The is from the Team Drone Adventures BBQ Bando FPV festival, it opens with perch to a negative tilt punch out (not calling that a trick but is fun and looks cool), in the next clip you can see a “roll out” where I use negative angle to ascend while coordinating a roll centered on a subject bellow and maintaining that coordinated roll while increasing camera angle to come back towards the subject (technical trick as the coordination between roll and yaw changes are you change camera angle). Also do a “pull out” from the ‘Team Drone Adventures” sign at the end of that clip.
This is the whoop gimbal on a toothpick quad. It opens with a twist out to “bop it” (push it, pull it, flick it, bop it) which I primarily define by a pull out to juicy flick, but the pitch movement of the flick is half gimbal movement and half the drones pitch, easy to over rotate the drone when first learning this. Also features a “stall dive” where you use negative angle to look down while hovering, then chop throttle and pitch down while increasing camera angle.
Here’s another better example of the “stall dive”.
Here’s a third person view of the “bop it” (push it, pull it, flick it, bop it).
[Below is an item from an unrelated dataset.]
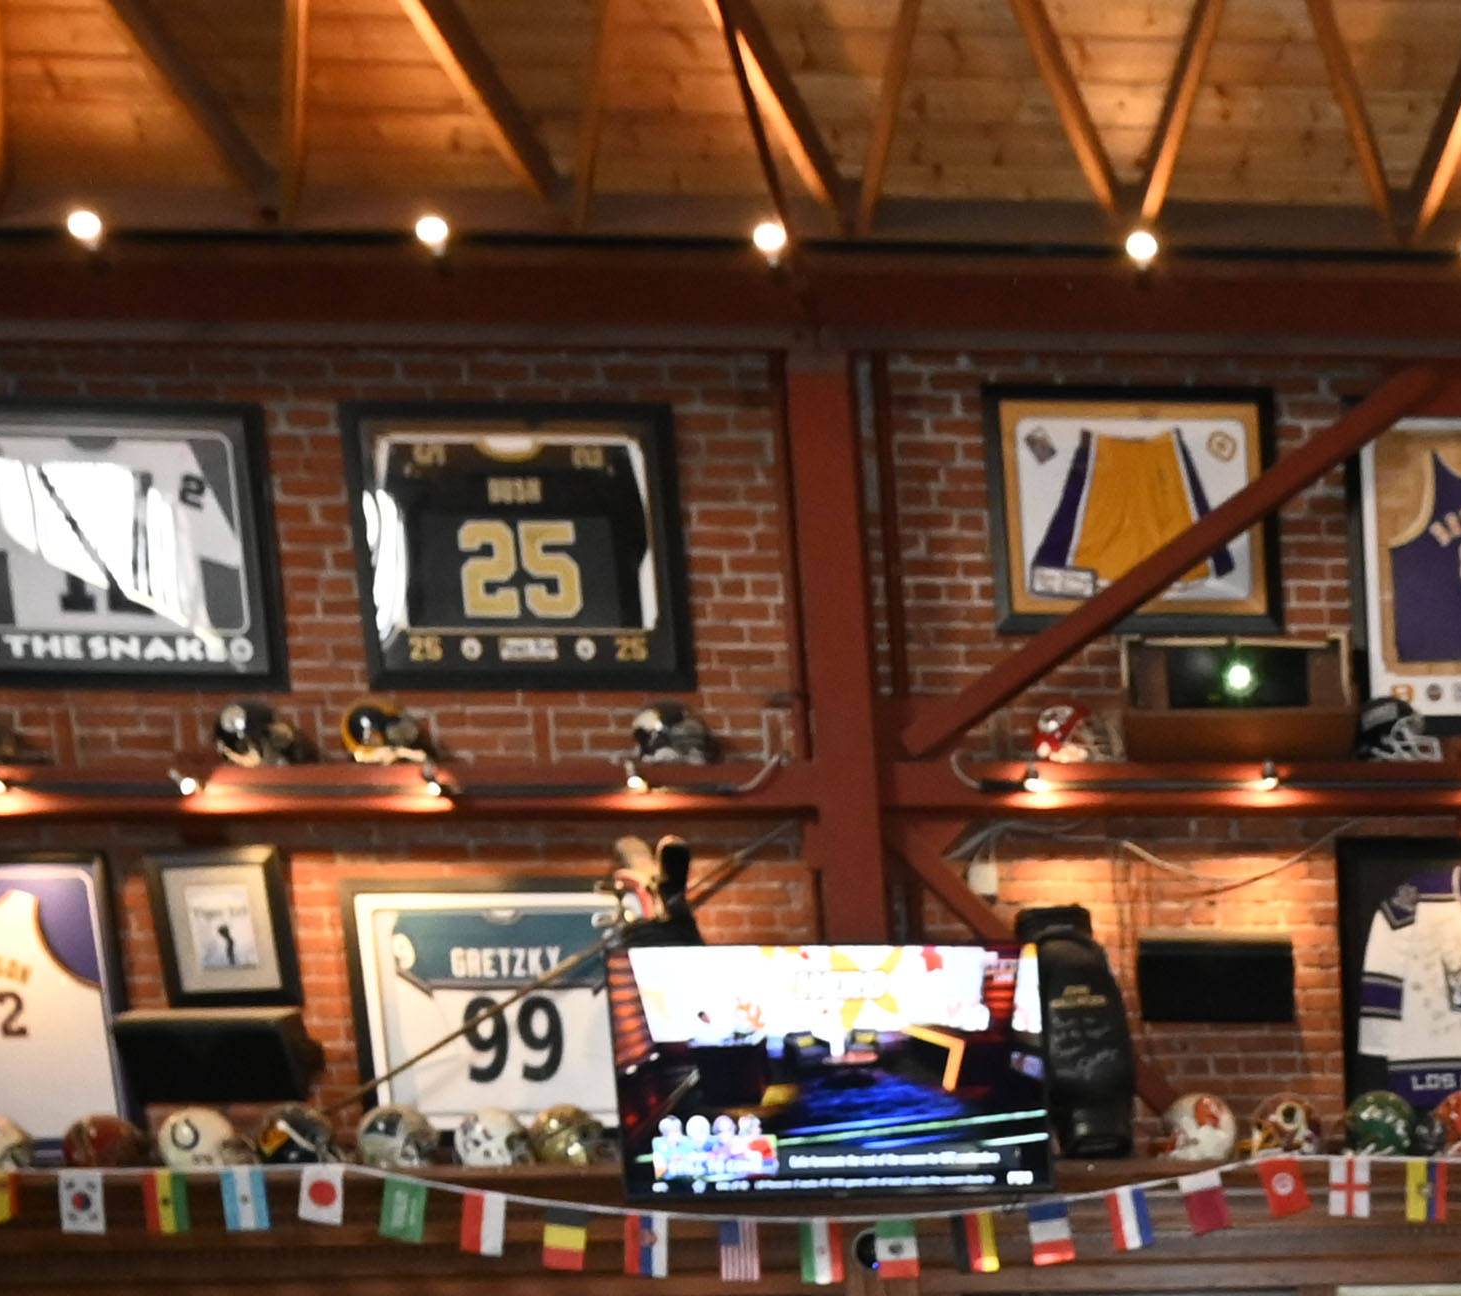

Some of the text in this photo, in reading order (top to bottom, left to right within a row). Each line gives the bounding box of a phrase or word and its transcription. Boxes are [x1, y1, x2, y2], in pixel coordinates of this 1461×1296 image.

I don’t currently have a video showing this but the gimbal also allows variations to the existing fixed-angle freestyle tricks we know and love. For example, the power loop, with the gimbal you can ‘look down’ as you are starting the power loop to remain looking forward and then quickly ‘look up’ near the end similar to the ‘bop it’ and it creates a whole new feel for the power loop. This is a single example but there are countless potential variations.
Happ flying, y’all!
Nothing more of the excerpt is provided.